Leaving out the images, repeat all the lines below exactly.
════════════════════
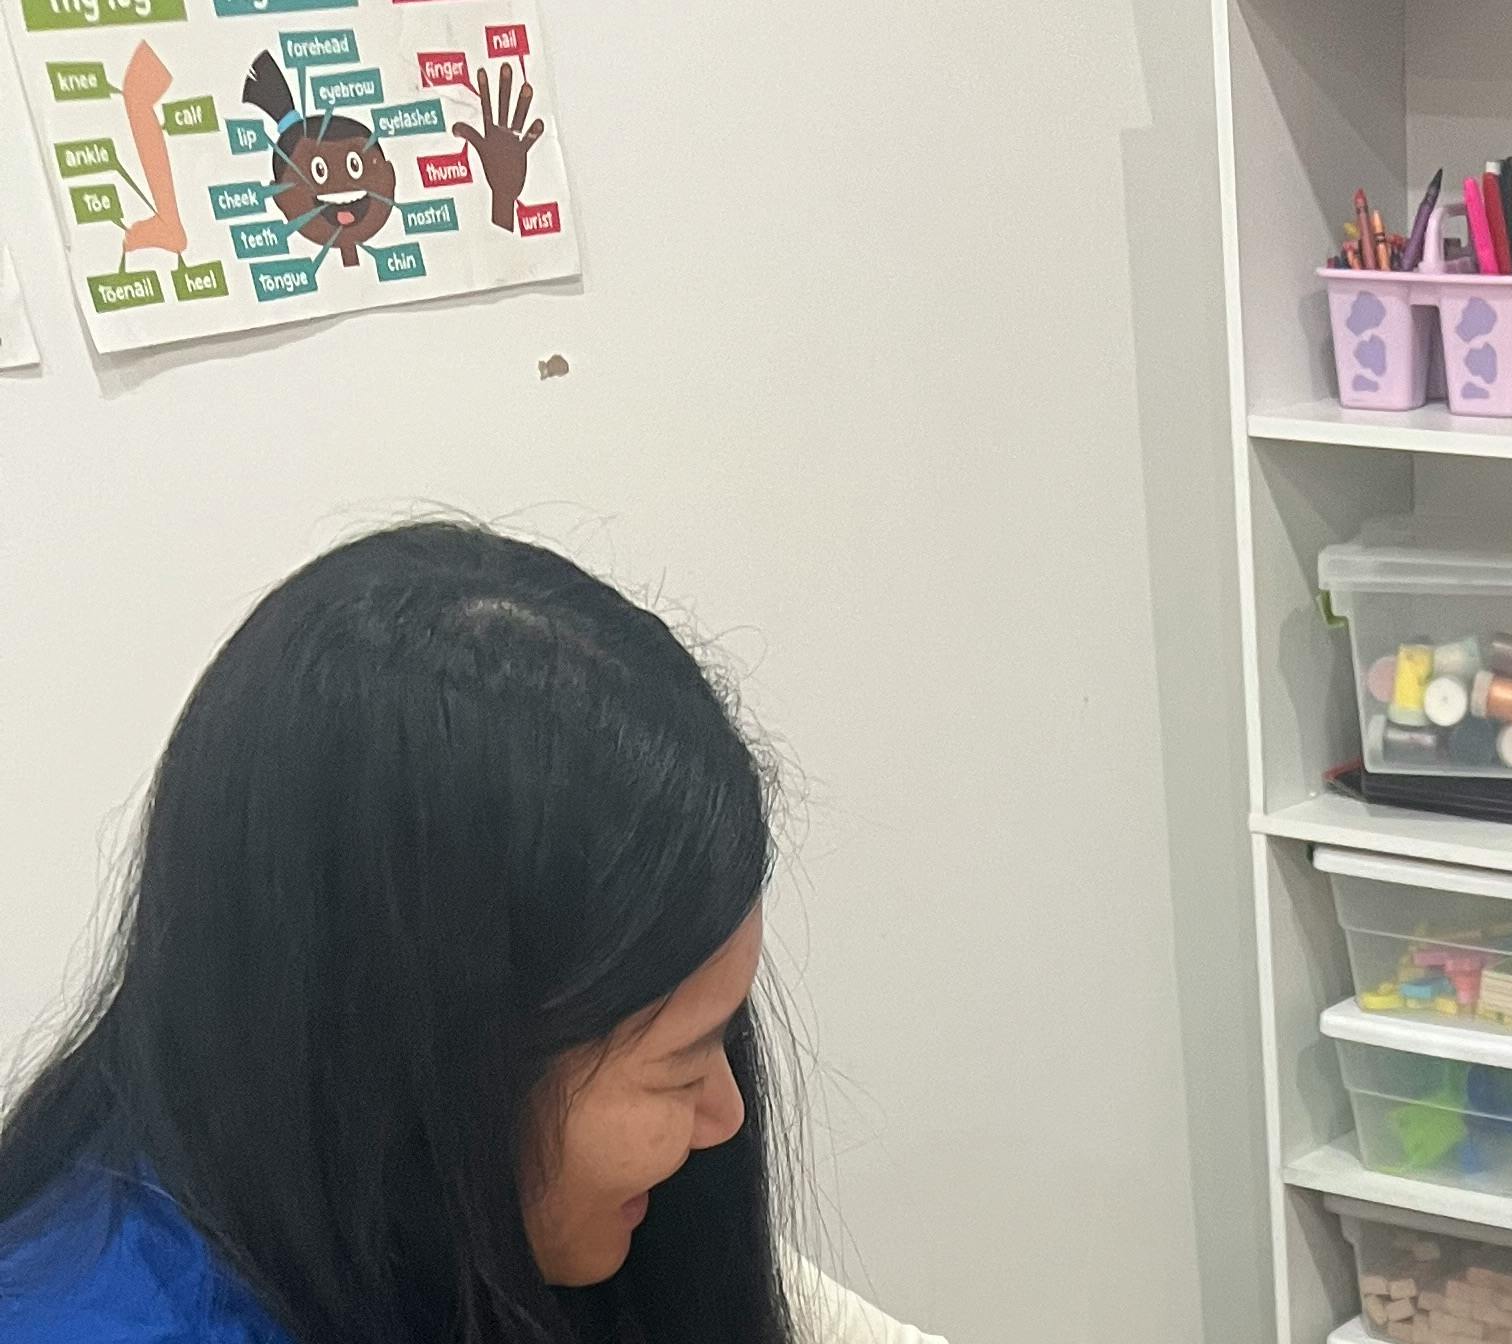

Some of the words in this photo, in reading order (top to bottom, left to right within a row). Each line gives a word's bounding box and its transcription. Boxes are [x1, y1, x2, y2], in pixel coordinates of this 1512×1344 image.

[287, 34, 350, 57] forehead
[492, 29, 517, 50] nail
[57, 71, 98, 92] knee
[425, 61, 465, 80] finger
[319, 80, 375, 104] eyebrow
[174, 104, 203, 127] calf
[379, 109, 438, 135] eyelashes
[237, 127, 257, 149] lip
[65, 143, 110, 167] ankle
[426, 161, 468, 182] thumb
[83, 193, 111, 213] toe
[218, 188, 259, 210] cheek
[408, 204, 451, 228] nostril
[522, 211, 554, 231] wrist
[241, 228, 279, 250] teeth
[387, 248, 417, 271] chin
[98, 277, 155, 304] toenail
[185, 270, 218, 293] heel
[259, 271, 309, 294] tongue
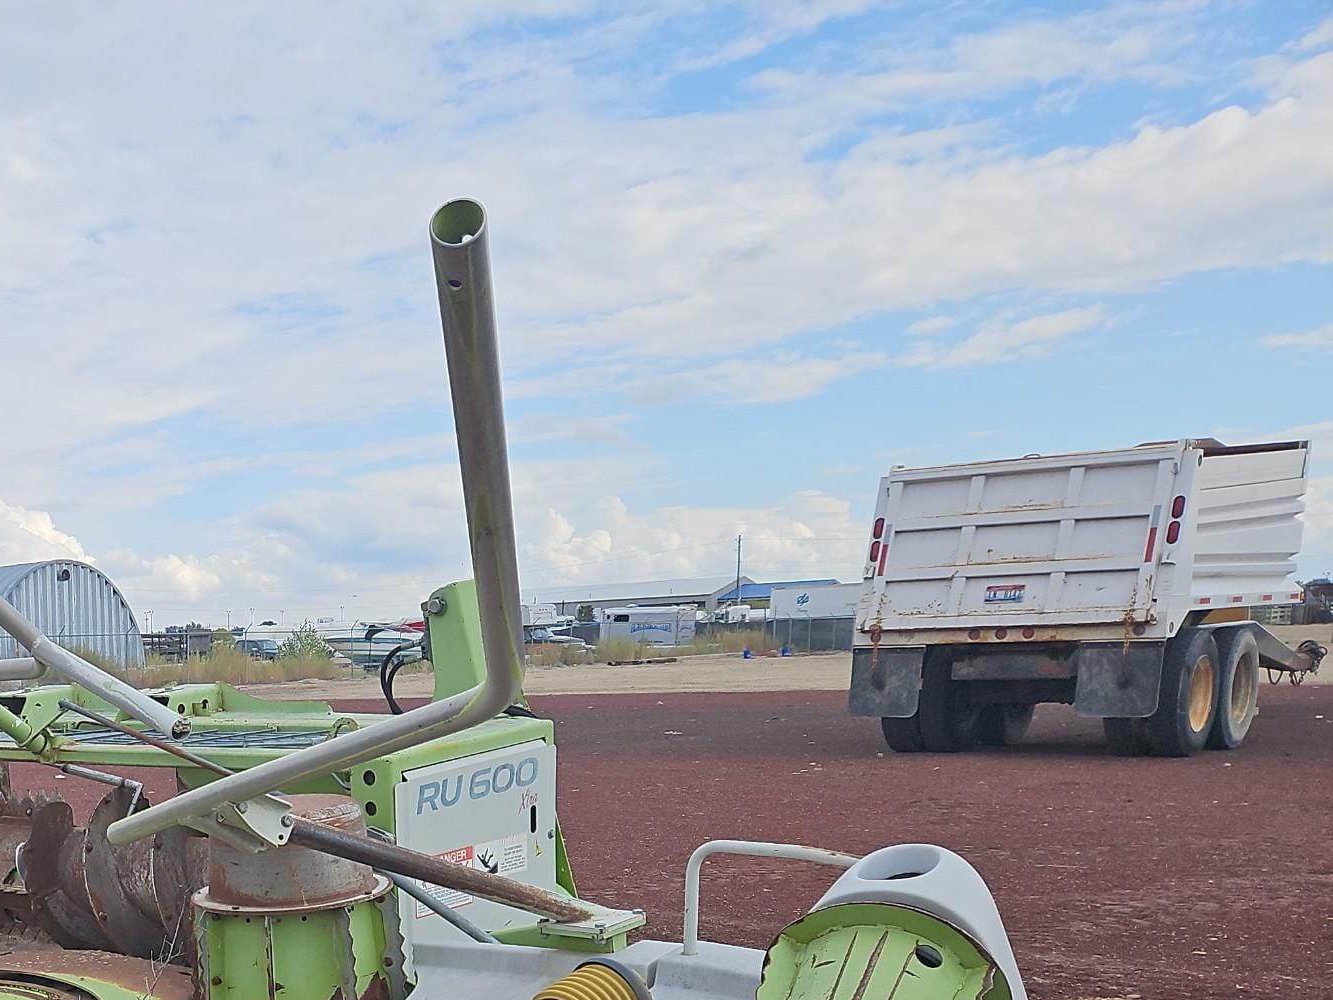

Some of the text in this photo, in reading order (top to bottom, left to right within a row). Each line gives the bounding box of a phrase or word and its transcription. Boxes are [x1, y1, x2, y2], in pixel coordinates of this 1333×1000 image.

[416, 757, 539, 816] RU 600
[439, 849, 467, 862] ANGER
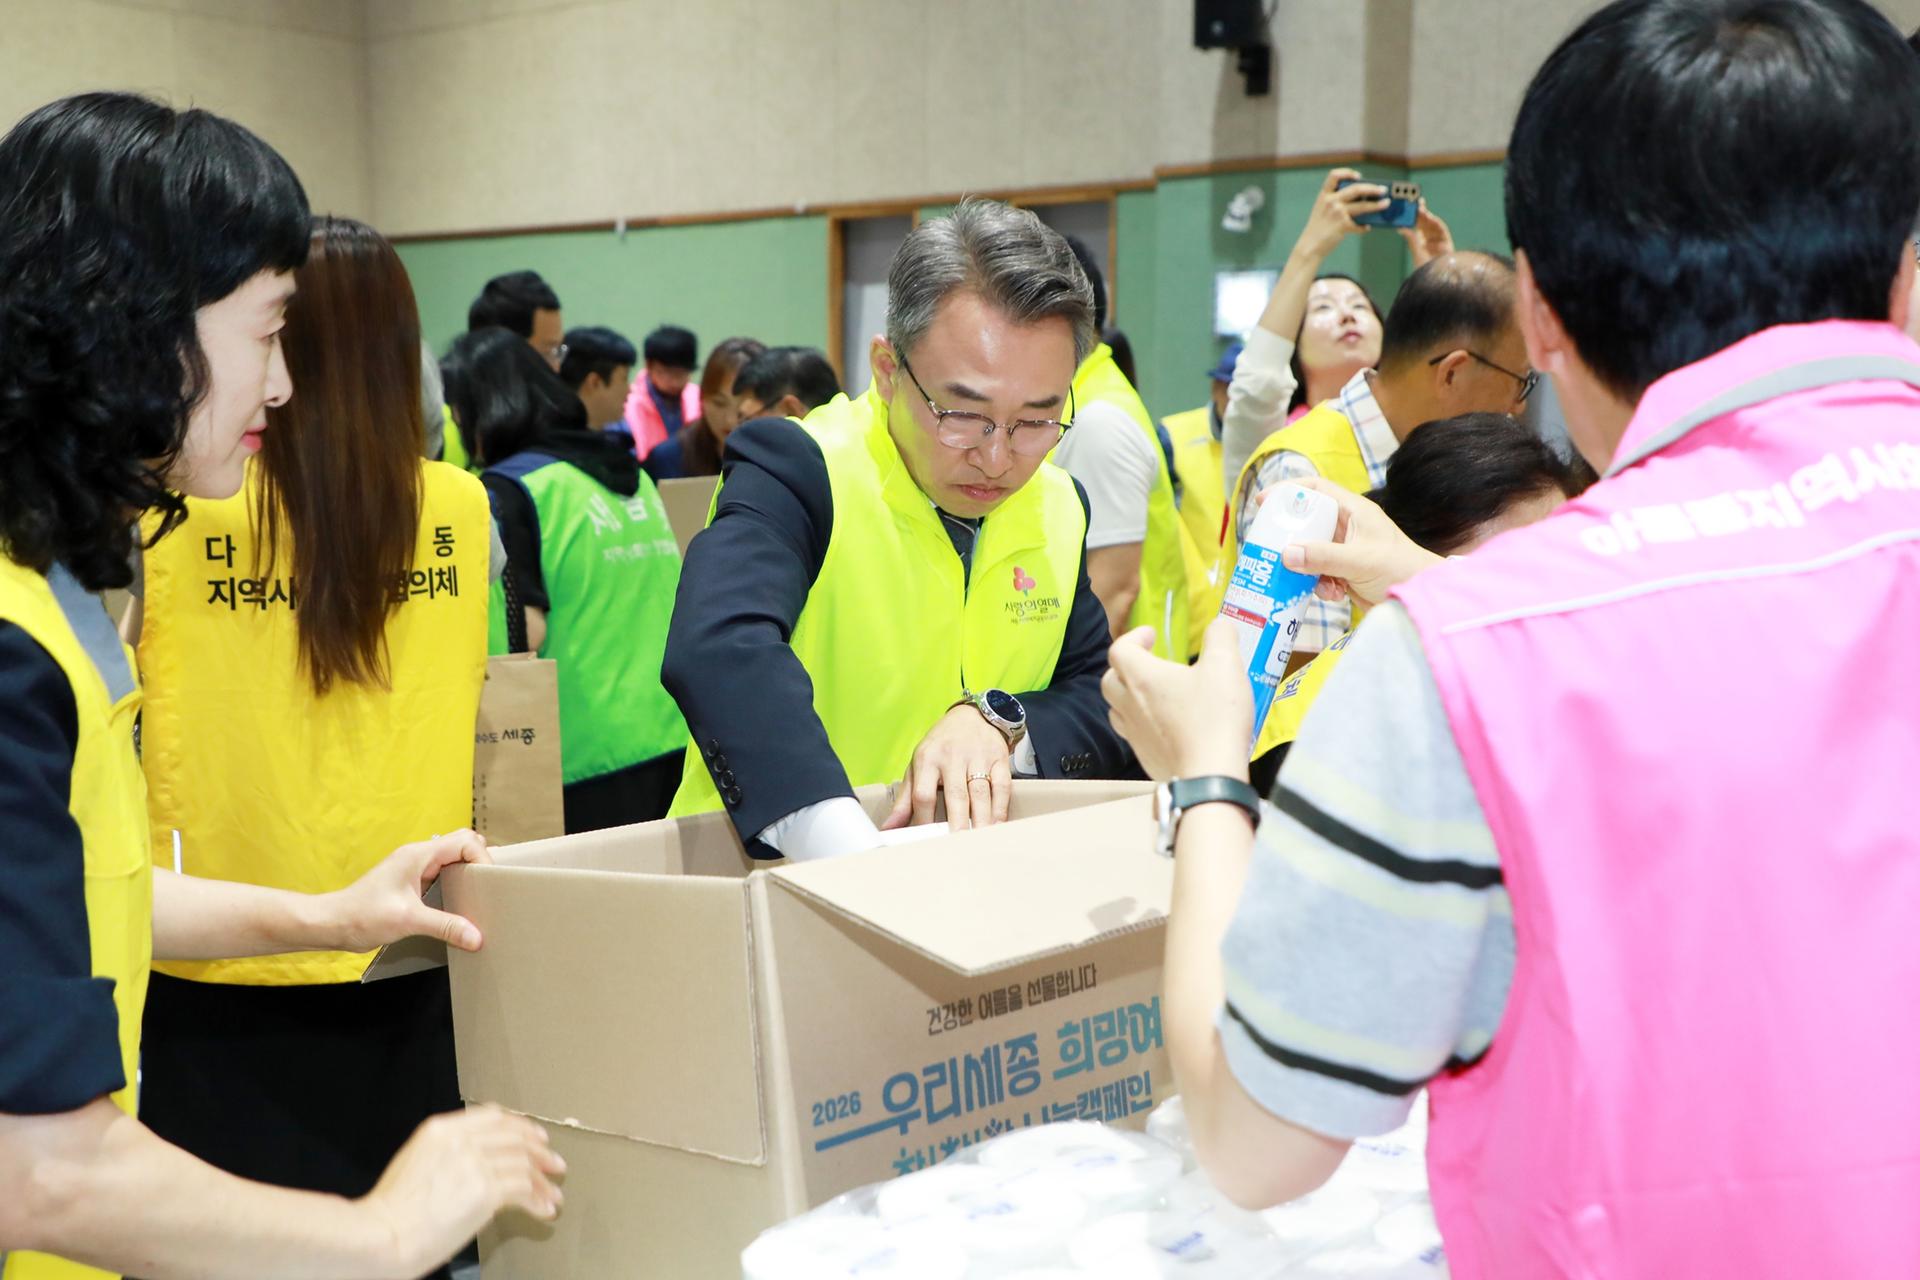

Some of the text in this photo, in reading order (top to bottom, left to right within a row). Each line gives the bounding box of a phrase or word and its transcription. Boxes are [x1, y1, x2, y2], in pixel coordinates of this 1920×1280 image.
════════════════════
Solution to this task:
Some of the words in this photo, in reading order (top to bottom, left to right within a row). Each line gives a word's bounding box and its transcription. Boxes are [x1, y1, x2, y2], in pixel coordinates of this 1512×1344 image.

[287, 34, 350, 57] forehead
[492, 29, 517, 50] nail
[57, 71, 98, 92] knee
[425, 61, 465, 80] finger
[319, 80, 375, 104] eyebrow
[174, 104, 203, 127] calf
[379, 109, 438, 135] eyelashes
[237, 127, 257, 149] lip
[65, 143, 110, 167] ankle
[426, 161, 468, 182] thumb
[83, 193, 111, 213] toe
[218, 188, 259, 210] cheek
[408, 204, 451, 228] nostril
[522, 211, 554, 231] wrist
[241, 228, 279, 250] teeth
[387, 248, 417, 271] chin
[98, 277, 155, 304] toenail
[185, 270, 218, 293] heel
[259, 271, 309, 294] tongue

Some of the text in this photo, in reading order (top to bottom, left to right within a row). Each line gives the bounding box of a phrase or word and its transcription. Boxes are [x1, y1, x2, y2], in pixel coordinates of this 1333×1000 image.

[416, 757, 539, 816] RU 600
[439, 849, 467, 862] ANGER

Some of the text in this photo, in reading order (top to bottom, left to right within a row). Each line gives the bounding box of a phrase or word and its transcription. Boxes are [x1, y1, x2, y2], in pixel coordinates of this 1920×1280 image.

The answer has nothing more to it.